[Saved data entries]
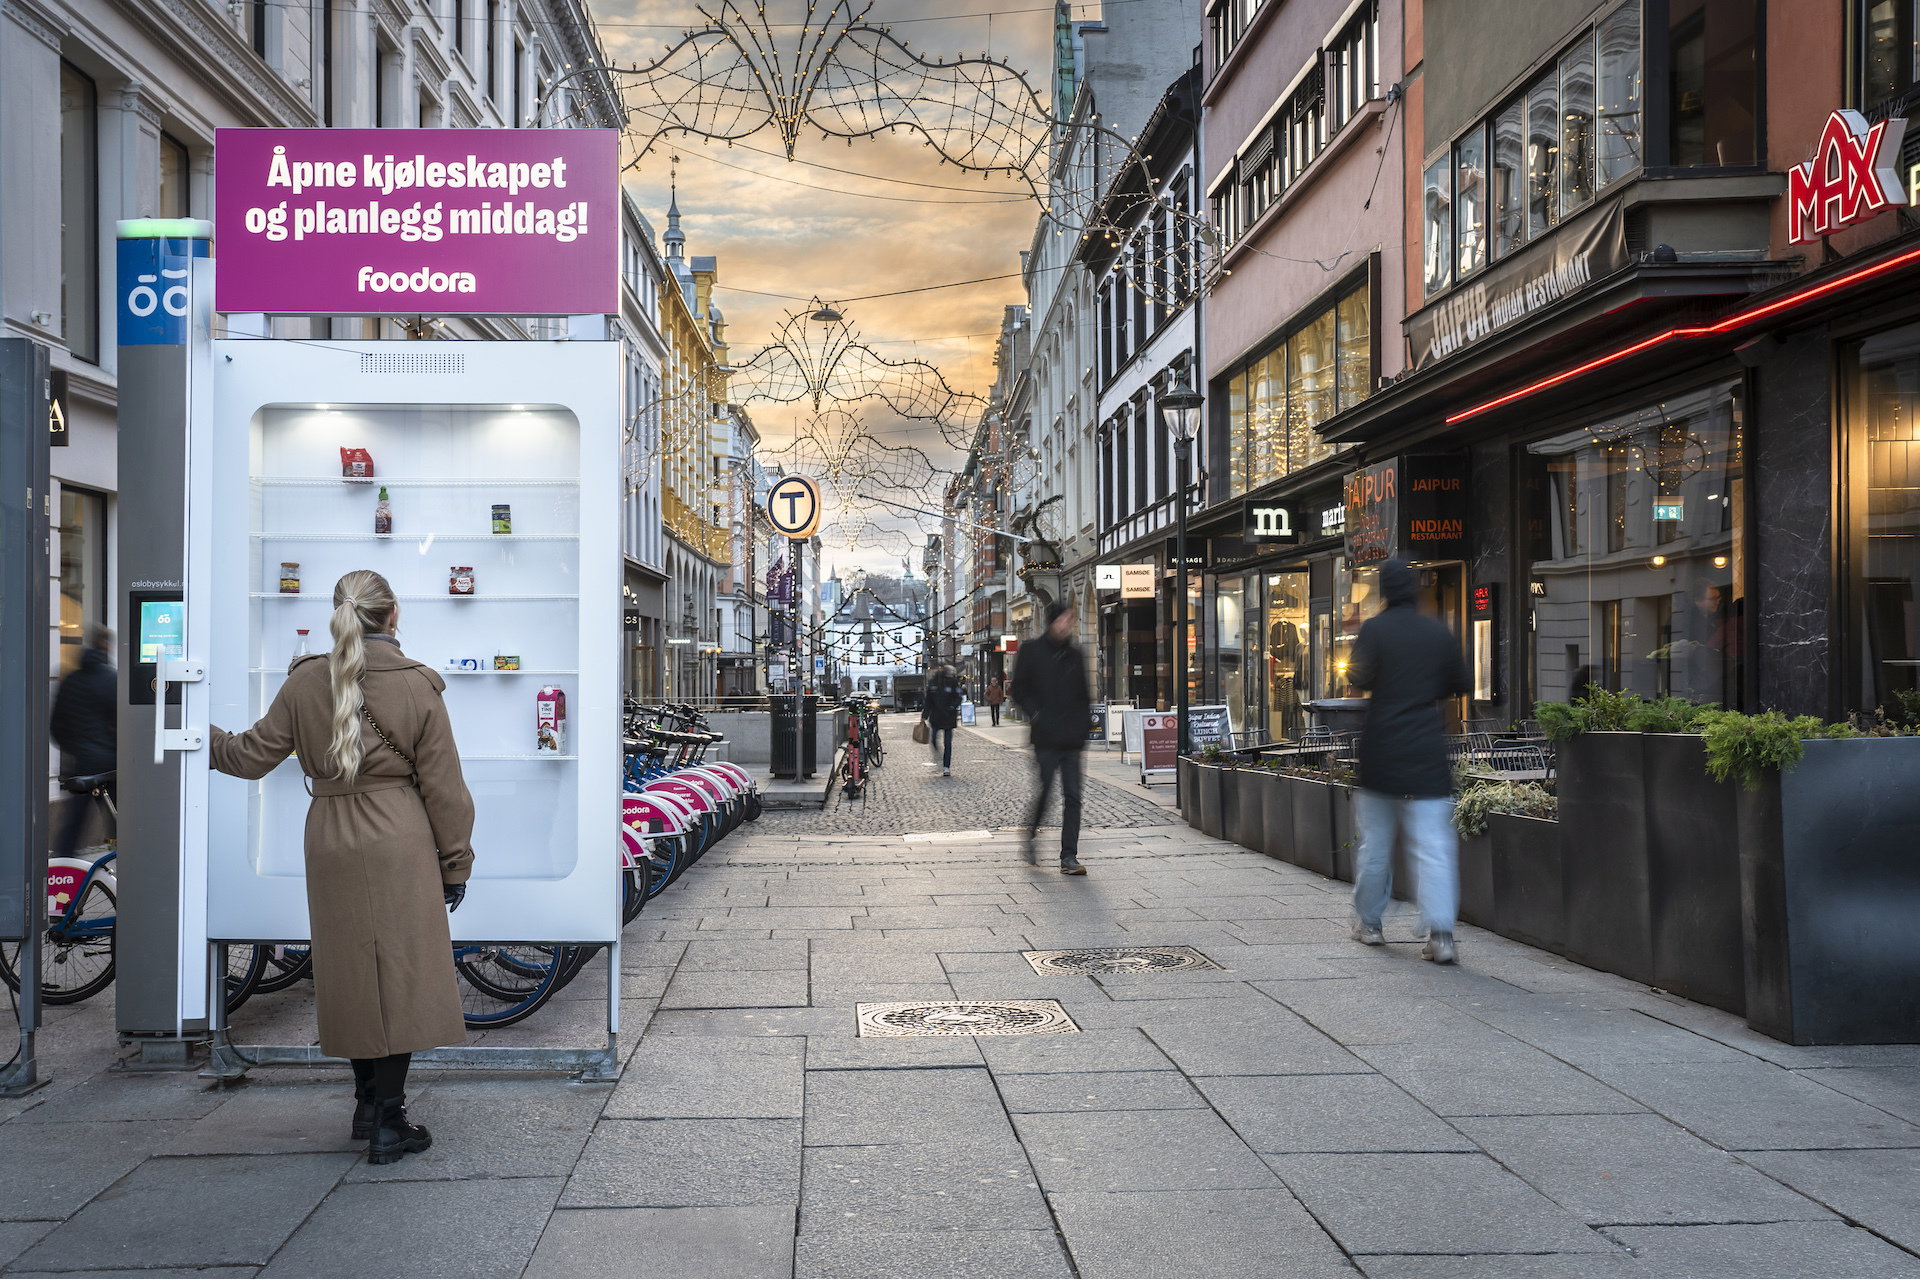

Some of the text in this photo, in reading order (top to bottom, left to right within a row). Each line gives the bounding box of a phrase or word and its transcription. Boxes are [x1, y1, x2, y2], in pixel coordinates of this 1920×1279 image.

[266, 145, 567, 195] Åpne kjøleskapet
[1788, 110, 1888, 245] MAX
[245, 200, 589, 242] og planlegg middag!
[357, 266, 476, 293] foodora
[1430, 250, 1592, 360] JAIPUR INDIAN RESTAURANT
[1346, 468, 1395, 511] JAIPUR
[1412, 478, 1460, 491] JAIPUR
[780, 491, 805, 524] T
[1253, 507, 1292, 536] m
[1411, 519, 1463, 532] INDIAN
[1411, 532, 1463, 540] RESTAURANT
[48, 874, 74, 886] dora
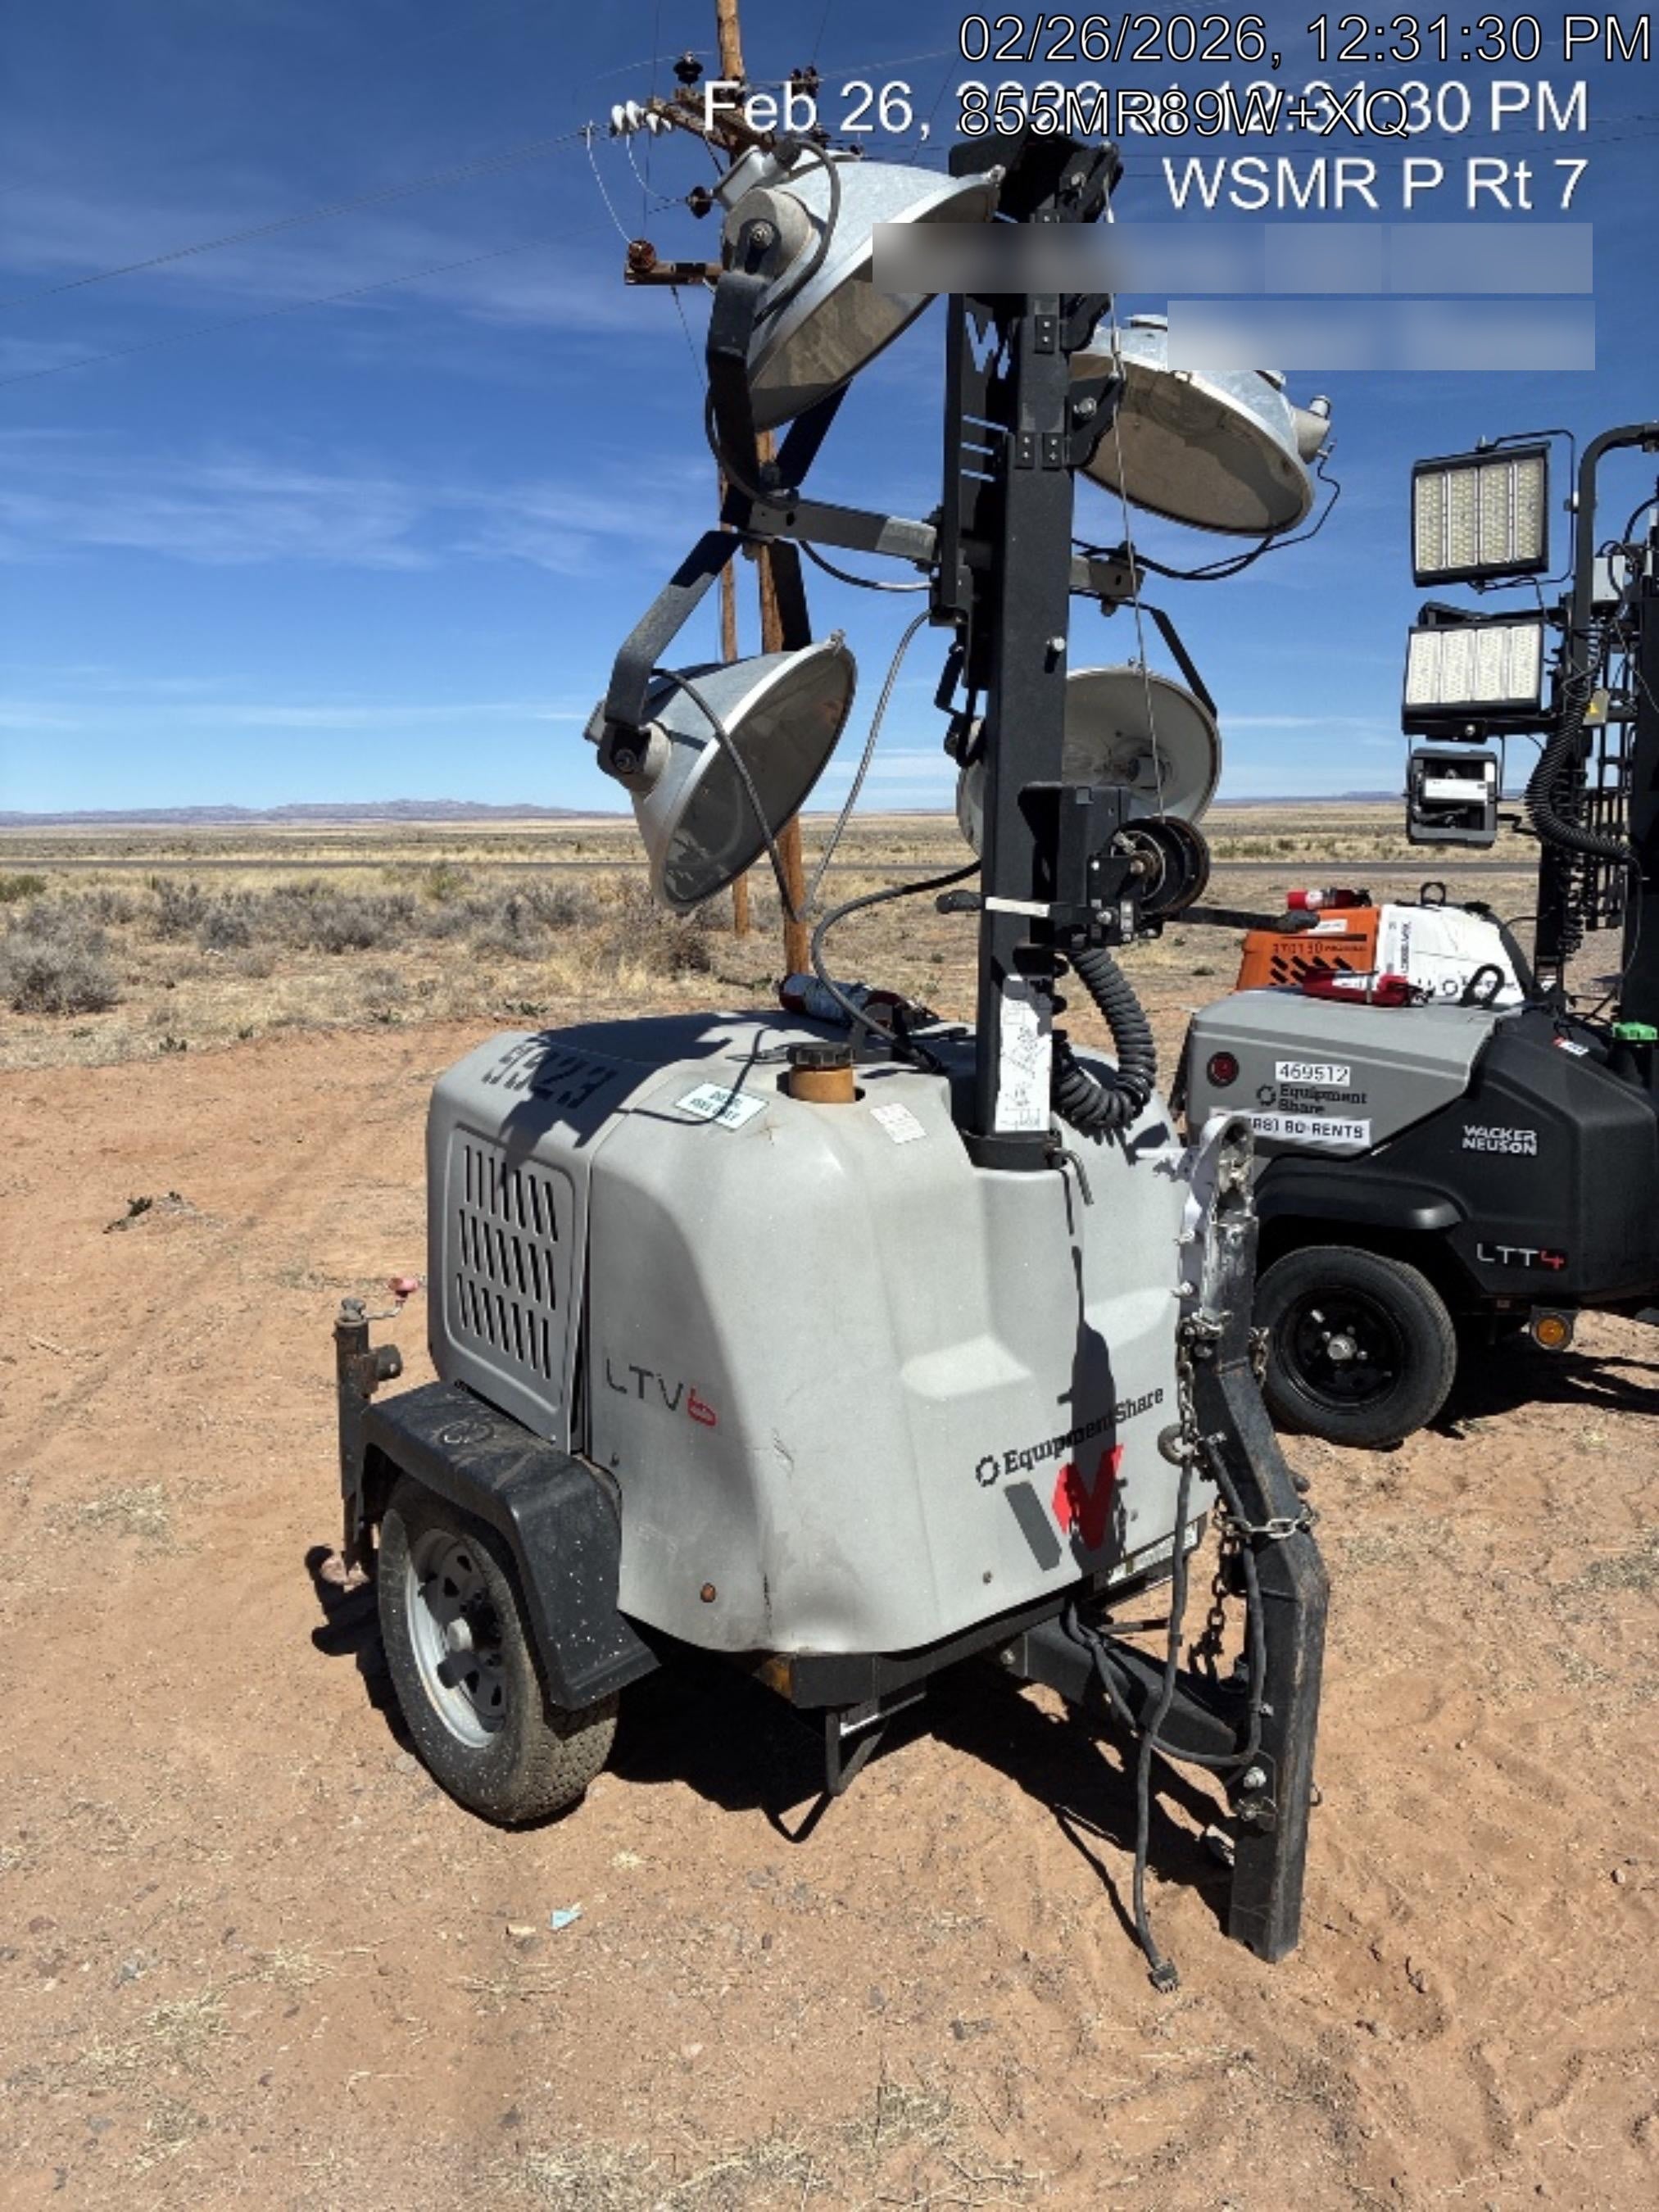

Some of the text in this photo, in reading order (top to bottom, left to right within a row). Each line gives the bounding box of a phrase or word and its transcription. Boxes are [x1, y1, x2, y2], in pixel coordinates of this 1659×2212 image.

[1279, 1064, 1348, 1082] 469512
[1280, 1084, 1367, 1104] Equipment
[1278, 1098, 1325, 1114] Share
[1463, 1125, 1537, 1142] WACKER
[1462, 1137, 1537, 1156] NEUSON
[1476, 1243, 1564, 1270] LTT4
[605, 1358, 717, 1426] LTV6
[1003, 1387, 1164, 1475] EquipmentShare

**Problem description:** Your answer should be every line above, written out exactly, with no pictures.

**Answer area:**
Some of the text in this photo, in reading order (top to bottom, left to right within a row). Each line gives the bounding box of a phrase or word and its transcription. Boxes are [x1, y1, x2, y2], in pixel coordinates of this 1920×1279 image.

[266, 145, 567, 195] Åpne kjøleskapet
[1788, 110, 1888, 245] MAX
[245, 200, 589, 242] og planlegg middag!
[357, 266, 476, 293] foodora
[1430, 250, 1592, 360] JAIPUR INDIAN RESTAURANT
[1346, 468, 1395, 511] JAIPUR
[1412, 478, 1460, 491] JAIPUR
[780, 491, 805, 524] T
[1253, 507, 1292, 536] m
[1411, 519, 1463, 532] INDIAN
[1411, 532, 1463, 540] RESTAURANT
[48, 874, 74, 886] dora

Some of the text in this photo, in reading order (top to bottom, left to right within a row). Each line gives the bounding box of a phrase or word and its transcription. Boxes are [x1, y1, x2, y2], in pixel coordinates of this 1659×2212 image.

[1279, 1064, 1348, 1082] 469512
[1280, 1084, 1367, 1104] Equipment
[1278, 1098, 1325, 1114] Share
[1463, 1125, 1537, 1142] WACKER
[1462, 1137, 1537, 1156] NEUSON
[1476, 1243, 1564, 1270] LTT4
[605, 1358, 717, 1426] LTV6
[1003, 1387, 1164, 1475] EquipmentShare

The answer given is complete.